Cece is flustered but determined not to let on. The day isn’t even half-finished, and the last thing she needs is for the girl to see just how ill-equipped she is to be trusted with any kind of supervision. She needs to maintain the veil of adulthood as long as possible.
Lacy nudges some garbage on the floor with her foot. “Are you my dad’s girlfriend or something?”
Cece can only keep her eyes on the road, mindful not to slam the brakes and send them careening onto the sidewalk. She hears herself say something that doesn’t sound half-bad, confident but not dismissive. “I sure hope not. I already have a boyfriend.”
This piece of irrefutable evidence doesn’t seem to sway Lacy, who seems fixated on the mundane view of underpasses and gas stations outside the car window. “My bad. Forget I said anything.”
Drop it, Cece thinks, take the win, but she can’t help herself. She wants to know. She needs to know. “What made you think I was his girlfriend?”
Lacy’s already back on her phone again. “Just the way he looks at you, I guess.”
Cece is suddenly hyperaware of how she might appear. Hand white-knuckling the gearshift, shoulders hunched forward, strands of hair in the corner of her mouth. Get a hold of yourself, Cece Downing!
The nachos are a hit, and to Cece’s relief, they seem to have bought her some cachet with Lacy, which takes the edge off the news that Morgan’s running late.
From his intermittent text messages, Cece discerns that all is not going well, and even while her anxiety crescendos at the idea of having to entertain Lacy for a few more hours, she’s determined not to let on about it.
Luckily, Bernard is providing endless amusement.
The dog is grateful for the unrelenting attention from Lacy as he spreads himself out on the living room floor, whimpering for more belly rubs.
Cece peruses the on-demand movie options.
Lacy had suggested they have an O.C. marathon, but Cece thinks the girl can expand her horizons a bit.
After Lacy nixes Notting Hill (too British) and Roman Holiday (too old), they land on You’ve Got Mail (Tom Hanks, the volleyball guy?).
Lacy’s intrigued by the idea of a world when the internet was strange and new.

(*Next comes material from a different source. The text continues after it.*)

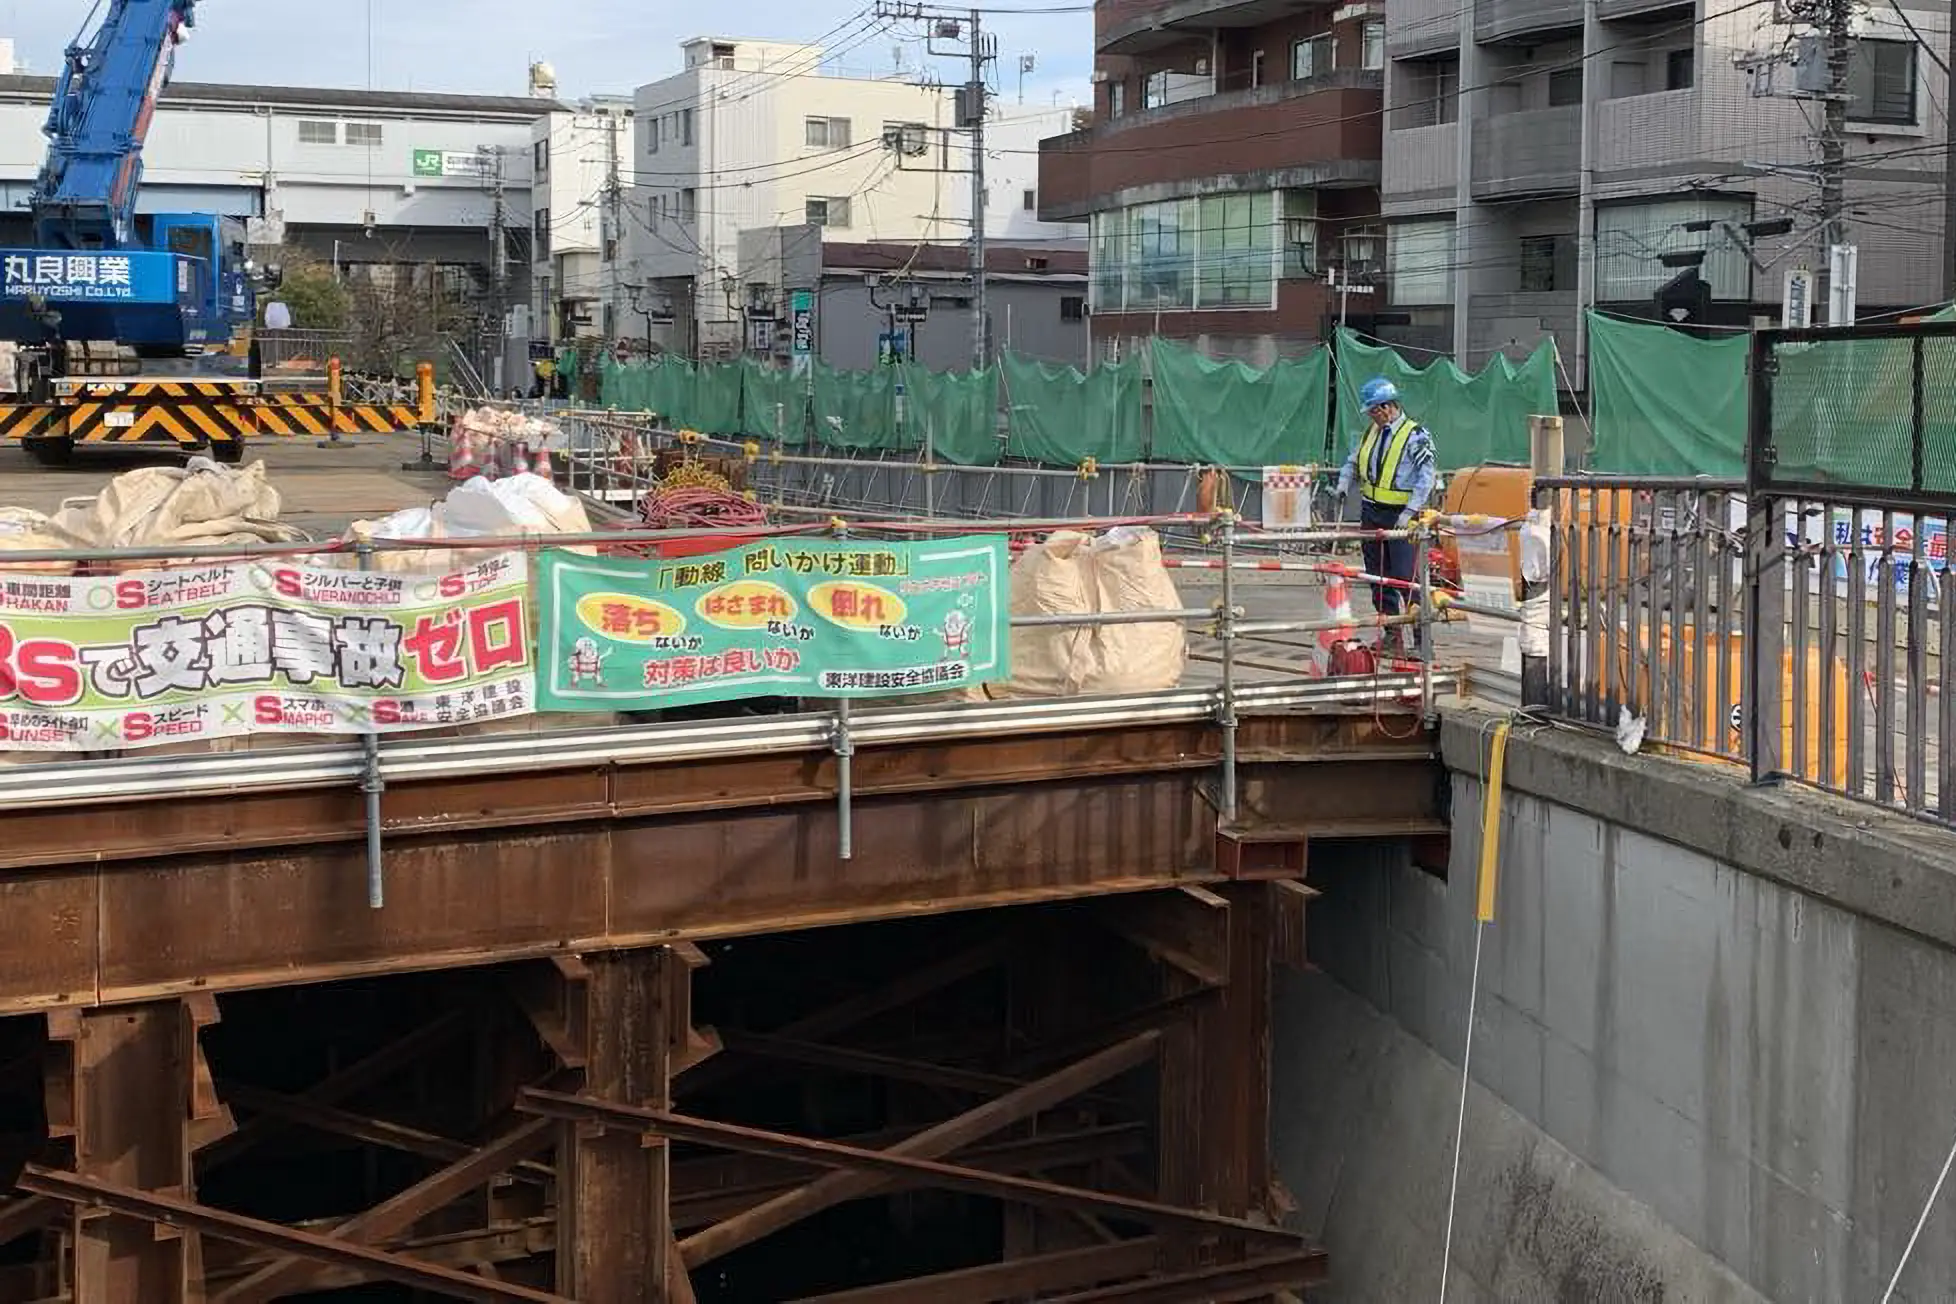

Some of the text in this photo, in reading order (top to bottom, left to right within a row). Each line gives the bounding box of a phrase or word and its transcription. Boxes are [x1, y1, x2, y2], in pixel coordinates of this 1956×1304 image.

The three of them—Lacy, Bernard, and Cece—settle into the couch.
The movie feels older than it should: no cell phones in sight, the Upper West Side void of chain stores, the city itself seemingly exclusively populated by White people.
Even so, Lacy seems interested, the times between glances at her phone getting longer and longer.

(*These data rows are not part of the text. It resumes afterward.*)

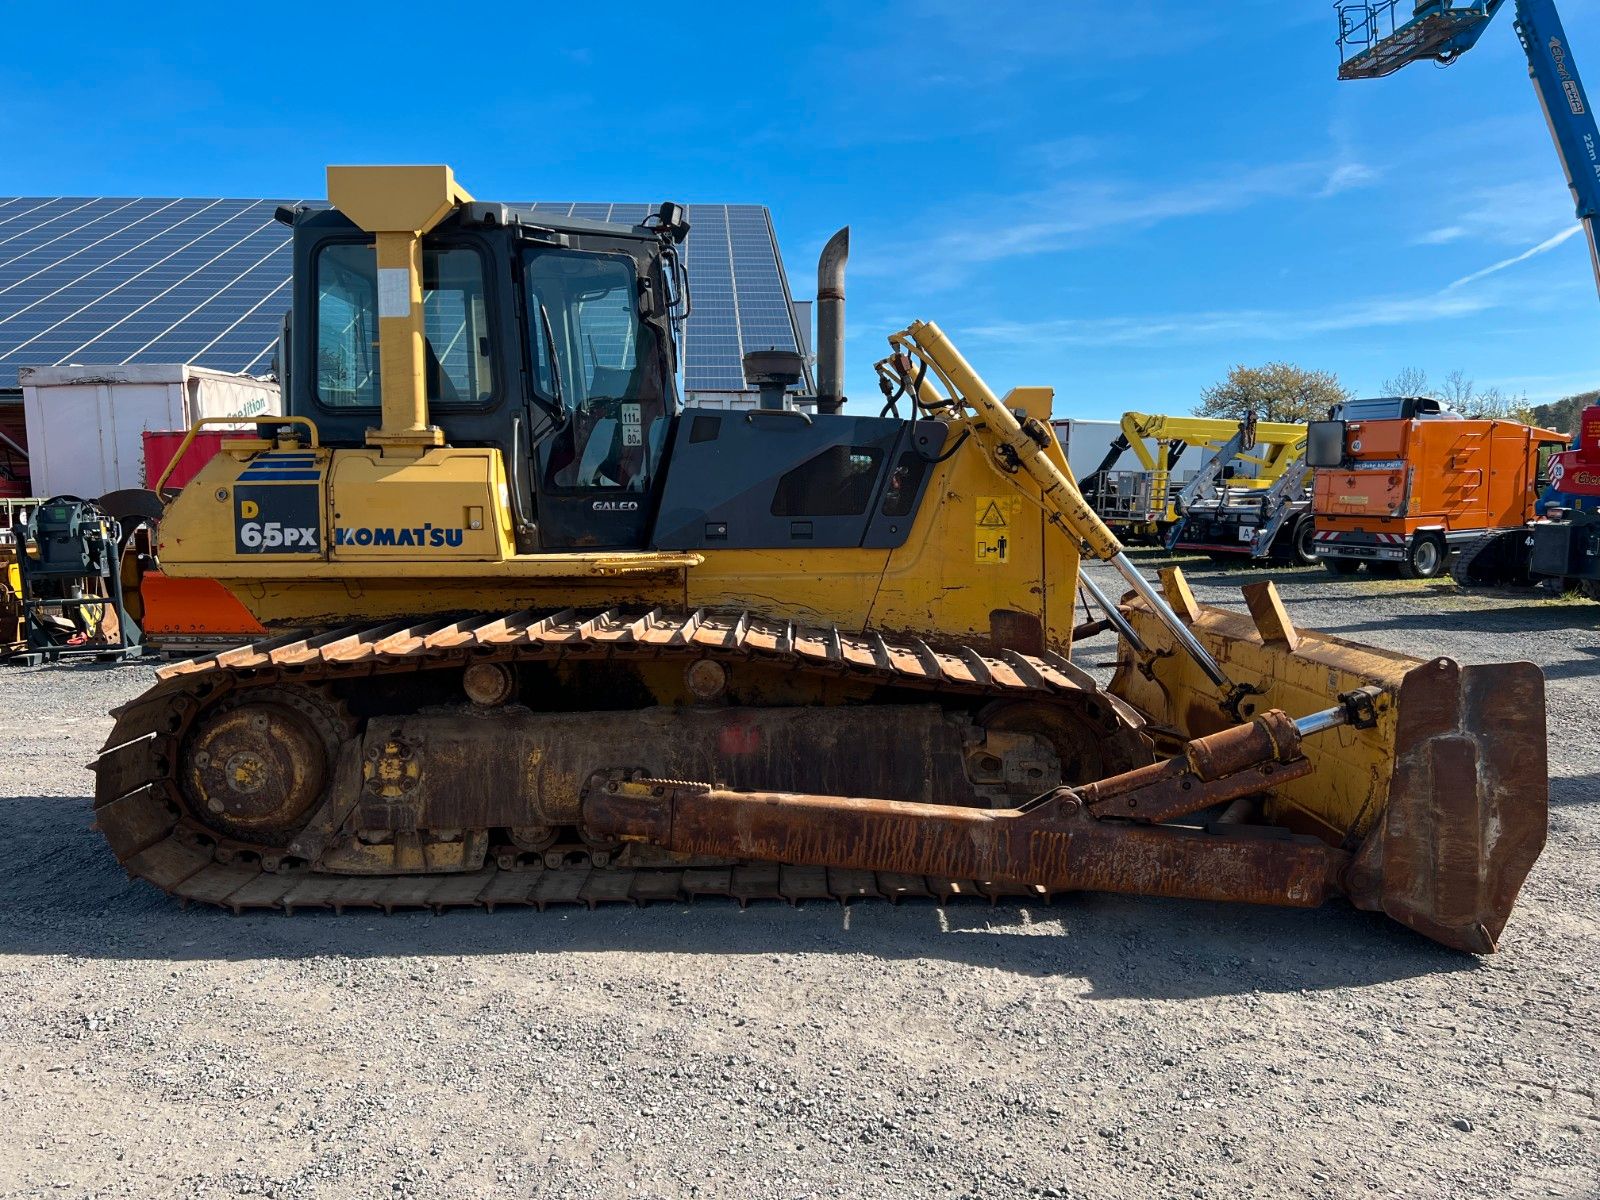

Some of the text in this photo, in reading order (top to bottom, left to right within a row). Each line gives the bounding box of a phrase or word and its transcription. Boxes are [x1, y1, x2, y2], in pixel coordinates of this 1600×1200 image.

[1583, 133, 1597, 161] 22m
[624, 412, 636, 423] 111
[627, 434, 637, 444] 80
[1555, 466, 1562, 477] 20
[241, 501, 259, 519] D
[592, 501, 638, 510] GALEO
[240, 522, 317, 547] 65PX
[336, 523, 463, 547] KOMATSU
[1243, 528, 1250, 538] A

The movie isn’t anything groundbreaking, but Cece welcomes the innocuous distraction from her current life.
She doesn’t want to watch something that makes her think too hard.

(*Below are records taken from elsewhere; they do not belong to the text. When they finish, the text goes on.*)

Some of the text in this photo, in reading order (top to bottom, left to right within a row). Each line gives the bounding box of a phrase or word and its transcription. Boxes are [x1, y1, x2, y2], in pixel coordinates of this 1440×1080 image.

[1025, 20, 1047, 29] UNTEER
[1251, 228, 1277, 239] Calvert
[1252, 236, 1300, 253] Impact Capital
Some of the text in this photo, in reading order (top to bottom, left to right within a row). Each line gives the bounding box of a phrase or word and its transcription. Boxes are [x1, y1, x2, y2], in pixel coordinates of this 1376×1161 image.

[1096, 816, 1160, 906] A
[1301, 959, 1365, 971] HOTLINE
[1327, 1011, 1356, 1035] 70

And despite the film’s predictability, Cece finds herself full of loathing for Tom Hanks (even if he’s gallant and dashing) and cursing Greg Kinnear’s ostentatious character.
Lacy agrees wholeheartedly. Meg deserves better!
They shout in unison at the television screen.
It’s been ages since Cece’s seen the movie, and the end catches her off guard, the way it tugs at her heart.
She has to turn away and dab at the corners of her eyes with her shirtsleeve to hide her tears.
It’s embarrassing. She never used to cry about anything—movies, books, life—but now it seems like anything will send her over the edge.
Lacy doesn’t need encouragement to share her opinions.
She has lots of questions about why everyone thought Tom Hanks was attractive back in the nineties.
And while she mostly enjoyed the movie, she didn’t like how Tom Hanks’s character hangs out with Meg Ryan’s character multiple times even after he discovers she’s the woman he’s been talking to online.
“Think about it,” Lacy says, folding her legs underneath her on the couch.
“He basically tricks her into falling in love with him.”